Task:
Copy the records below in full, keeping each word as it is but omitting the pictures.

⟨

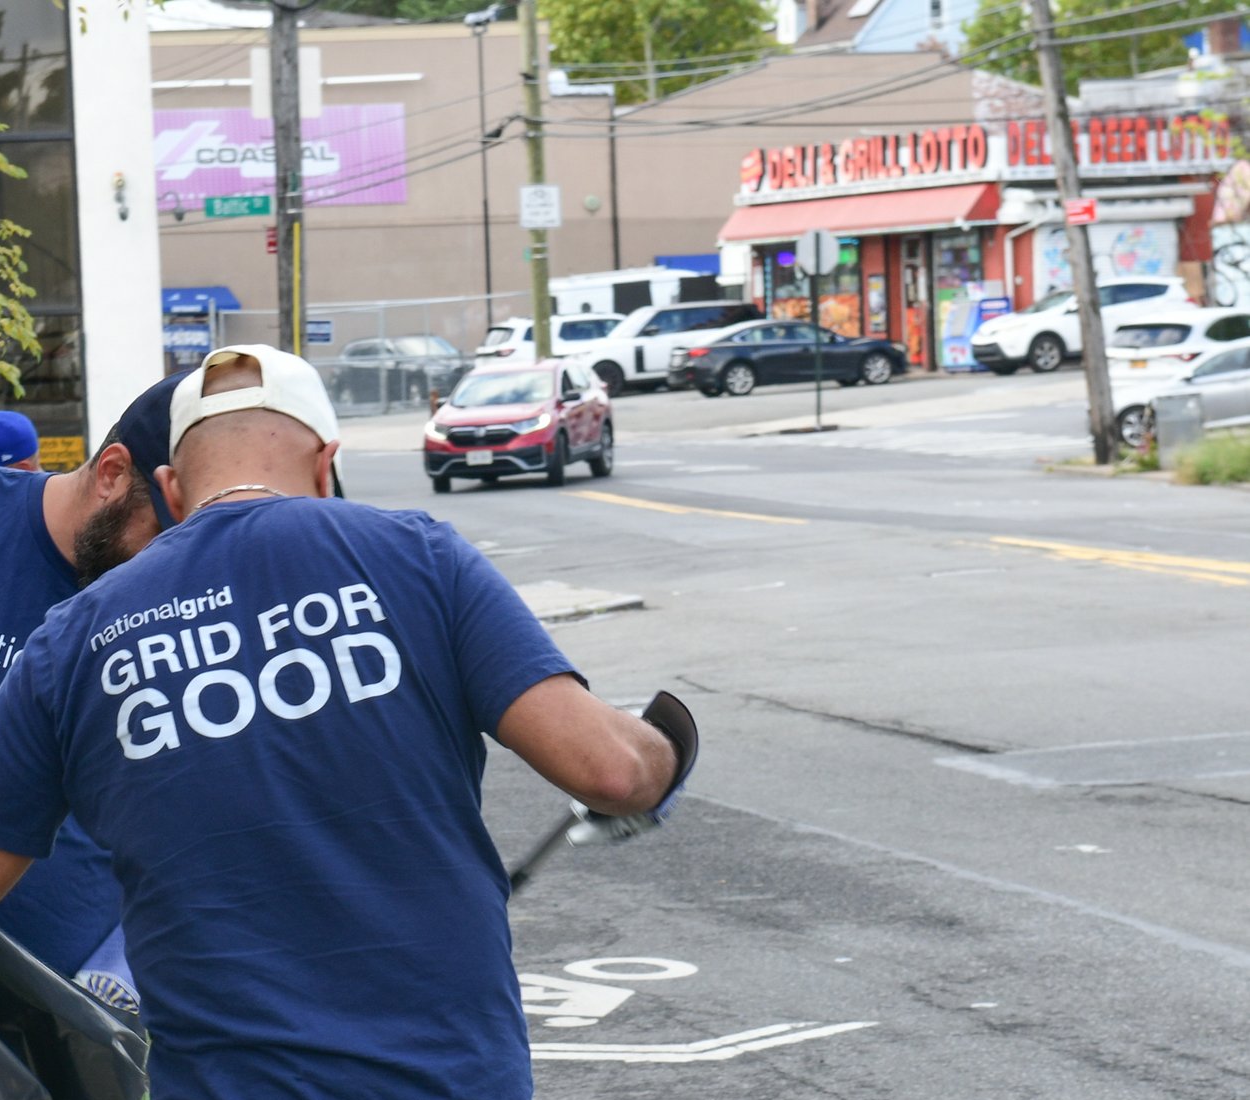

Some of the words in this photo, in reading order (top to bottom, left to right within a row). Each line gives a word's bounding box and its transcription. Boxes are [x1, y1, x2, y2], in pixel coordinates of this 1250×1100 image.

[196, 146, 335, 164] COASAL
[767, 147, 817, 190] DELI
[820, 142, 838, 187] &
[839, 134, 905, 183] GRILL
[907, 122, 988, 175] LOTTO
[1089, 116, 1148, 164] BEER
[213, 197, 249, 215] Baltic
[90, 586, 233, 652] nationalgrid
[101, 621, 241, 695] GRID
[257, 583, 387, 651] FOR
[116, 632, 402, 760] GOOD
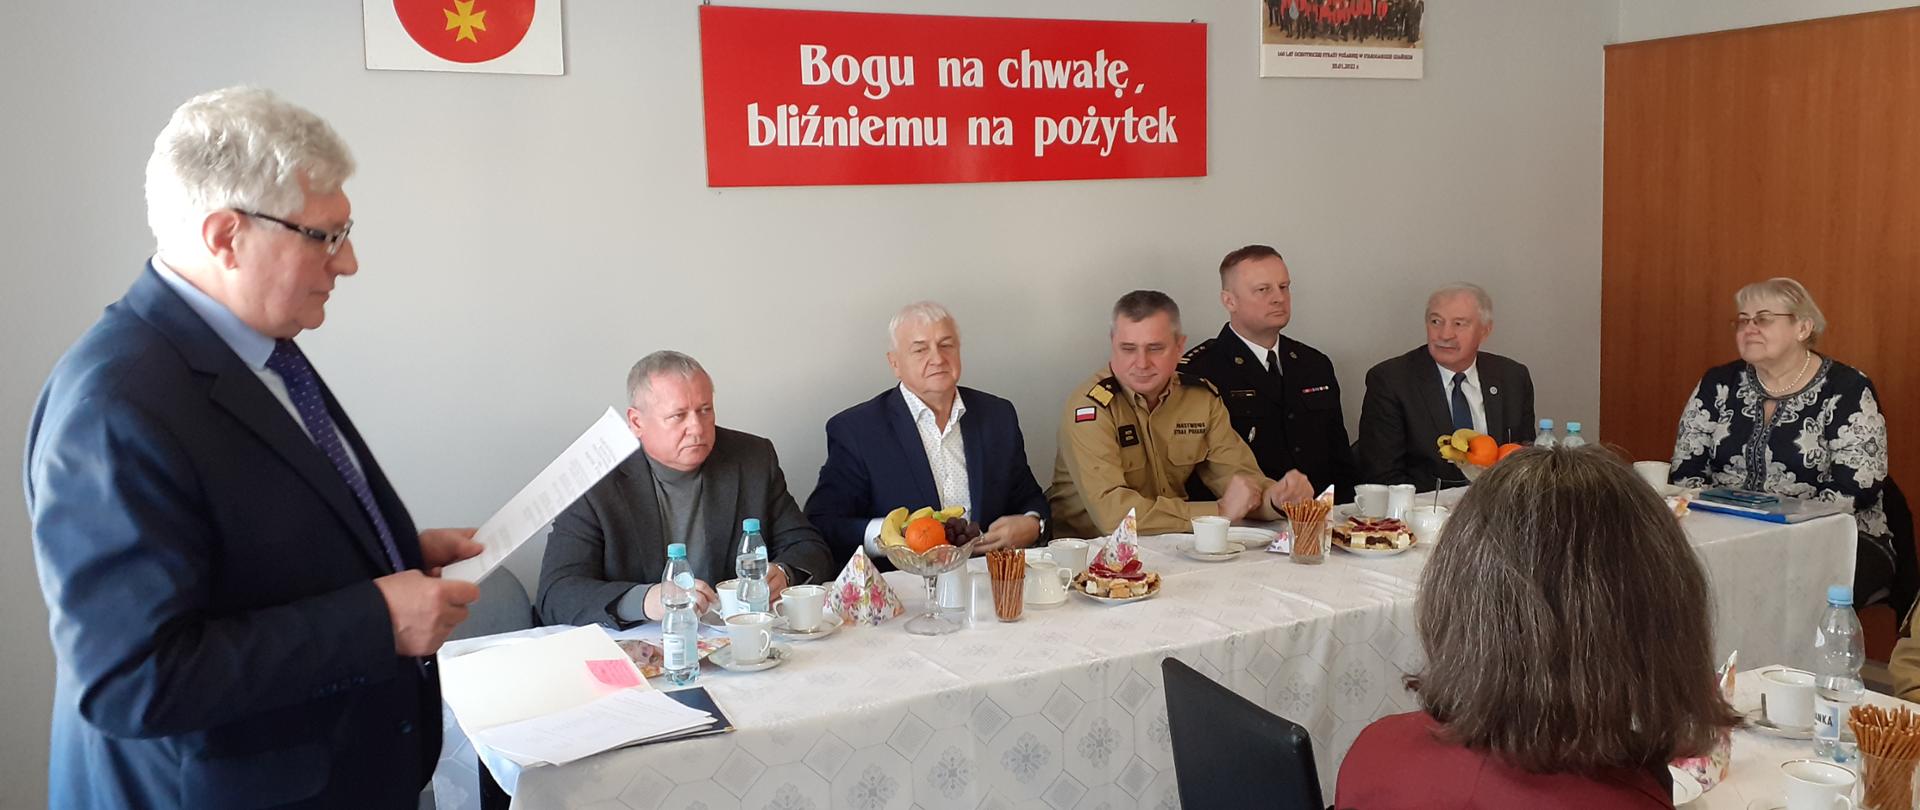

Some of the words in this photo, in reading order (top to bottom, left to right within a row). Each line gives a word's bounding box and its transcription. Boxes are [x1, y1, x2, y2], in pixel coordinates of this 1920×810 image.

[800, 45, 914, 99] Bogu
[939, 58, 983, 87] na
[998, 49, 1144, 98] chwałę,
[748, 103, 947, 147] bliźniemu
[969, 117, 1013, 145] na
[1035, 106, 1177, 156] pożytek
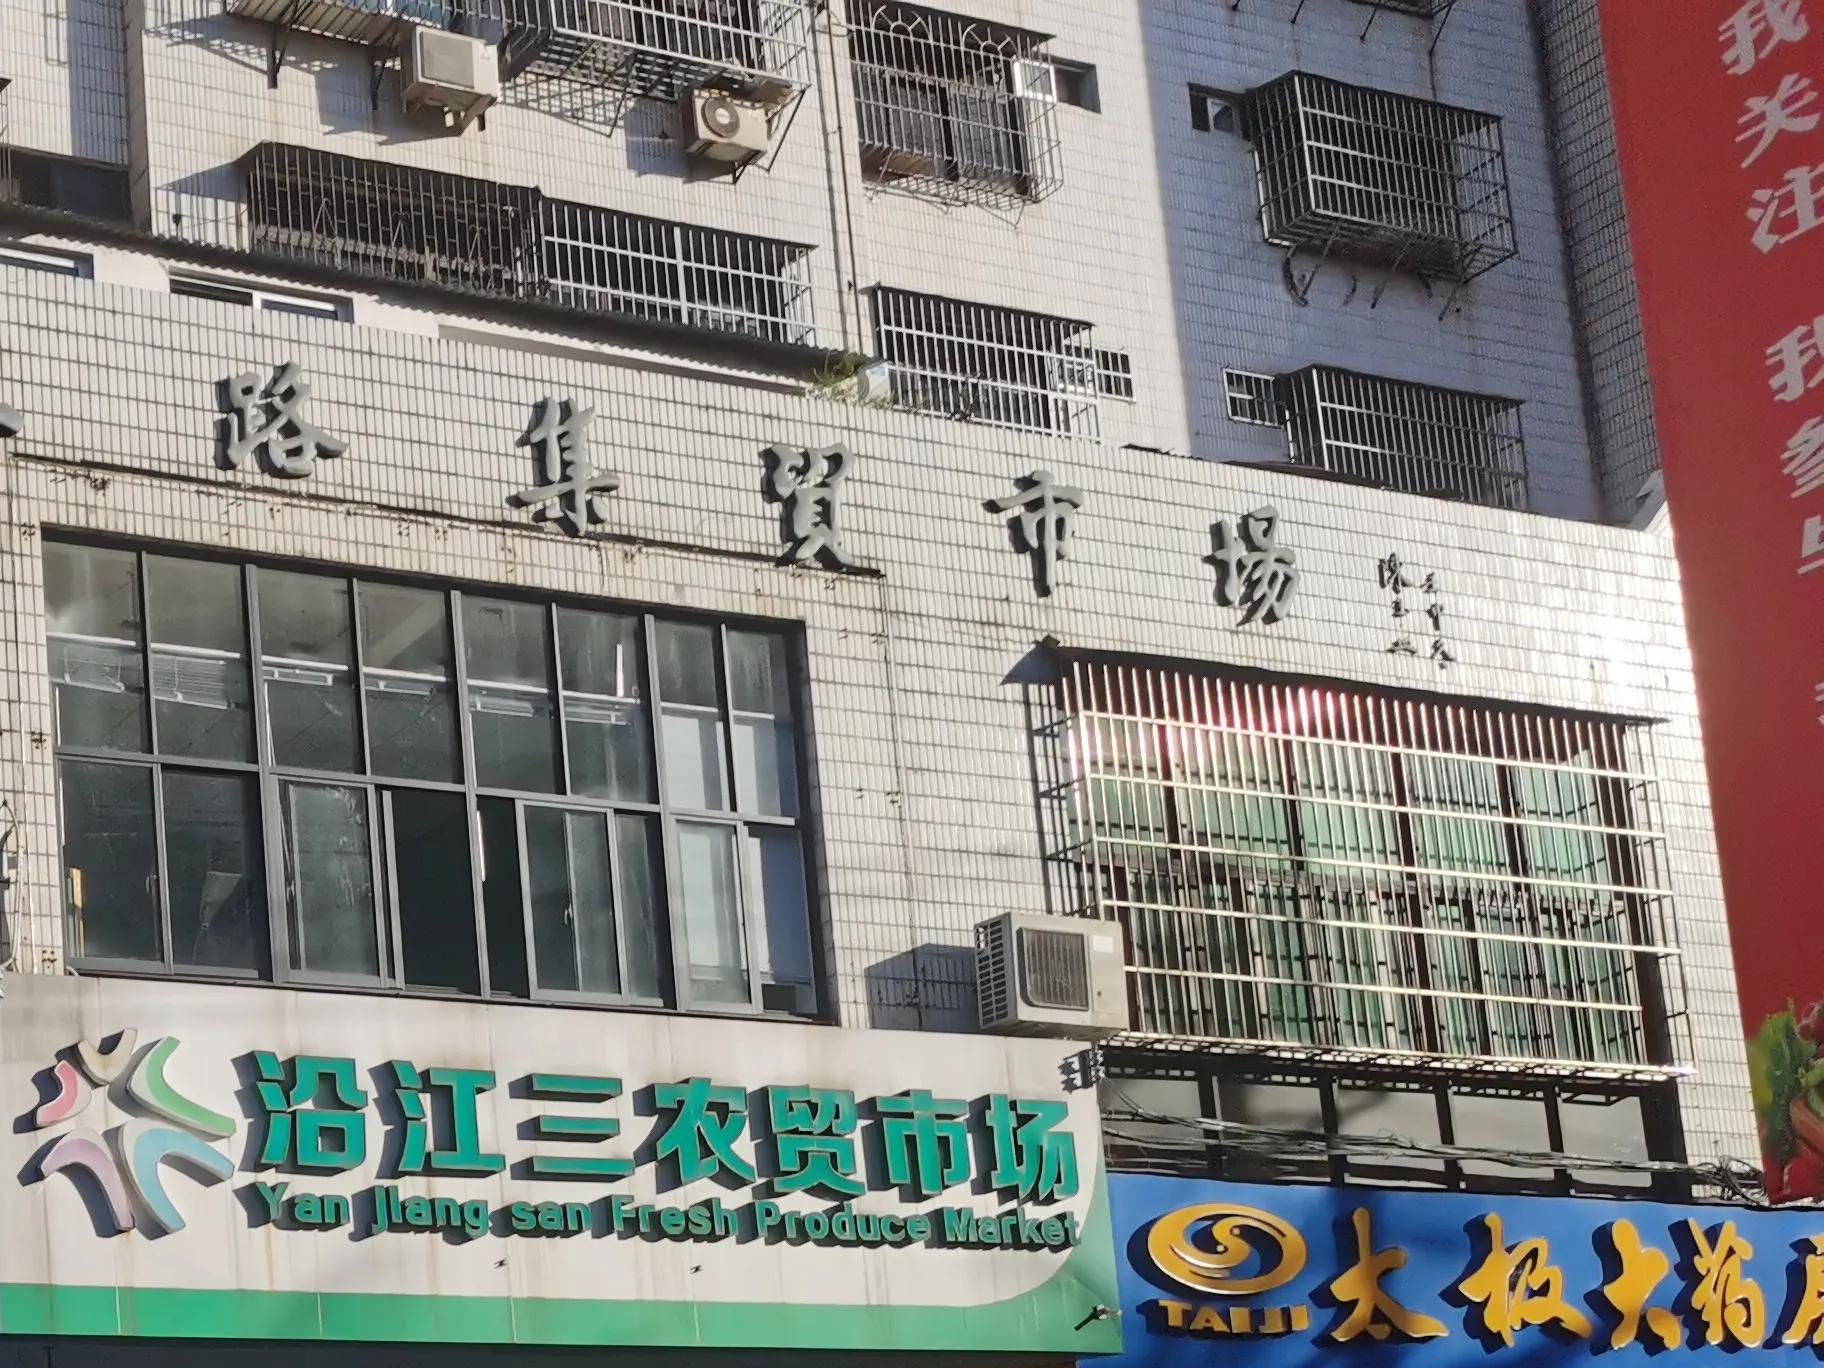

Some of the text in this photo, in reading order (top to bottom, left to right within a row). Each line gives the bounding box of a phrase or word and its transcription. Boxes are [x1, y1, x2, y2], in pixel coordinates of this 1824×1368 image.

[254, 1050, 1080, 1201] 沿江三农贸市场
[257, 1181, 350, 1226] Yan
[510, 1199, 592, 1232] san
[612, 1195, 738, 1236] Fresh
[756, 1199, 932, 1244] Produce
[944, 1206, 1081, 1248] Market
[1158, 1299, 1308, 1334] TAIJI

⟩

Result of this task:
Some of the words in this photo, in reading order (top to bottom, left to right within a row). Each line gives a word's bounding box and its transcription. Boxes are [x1, y1, x2, y2], in pixel coordinates of this 1250×1100 image.

[196, 146, 335, 164] COASAL
[767, 147, 817, 190] DELI
[820, 142, 838, 187] &
[839, 134, 905, 183] GRILL
[907, 122, 988, 175] LOTTO
[1089, 116, 1148, 164] BEER
[213, 197, 249, 215] Baltic
[90, 586, 233, 652] nationalgrid
[101, 621, 241, 695] GRID
[257, 583, 387, 651] FOR
[116, 632, 402, 760] GOOD

Some of the words in this photo, in reading order (top to bottom, left to right within a row). Each line gives a word's bounding box and its transcription. Boxes are [x1, y1, x2, y2], in pixel coordinates of this 1920×810 image.

[800, 45, 914, 99] Bogu
[939, 58, 983, 87] na
[998, 49, 1144, 98] chwałę,
[748, 103, 947, 147] bliźniemu
[969, 117, 1013, 145] na
[1035, 106, 1177, 156] pożytek

Some of the text in this photo, in reading order (top to bottom, left to right within a row). Each line gives the bounding box of a phrase or word and its transcription. Boxes are [x1, y1, x2, y2], in pixel coordinates of this 1824×1368 image.

[254, 1050, 1080, 1201] 沿江三农贸市场
[257, 1181, 350, 1226] Yan
[510, 1199, 592, 1232] san
[612, 1195, 738, 1236] Fresh
[756, 1199, 932, 1244] Produce
[944, 1206, 1081, 1248] Market
[1158, 1299, 1308, 1334] TAIJI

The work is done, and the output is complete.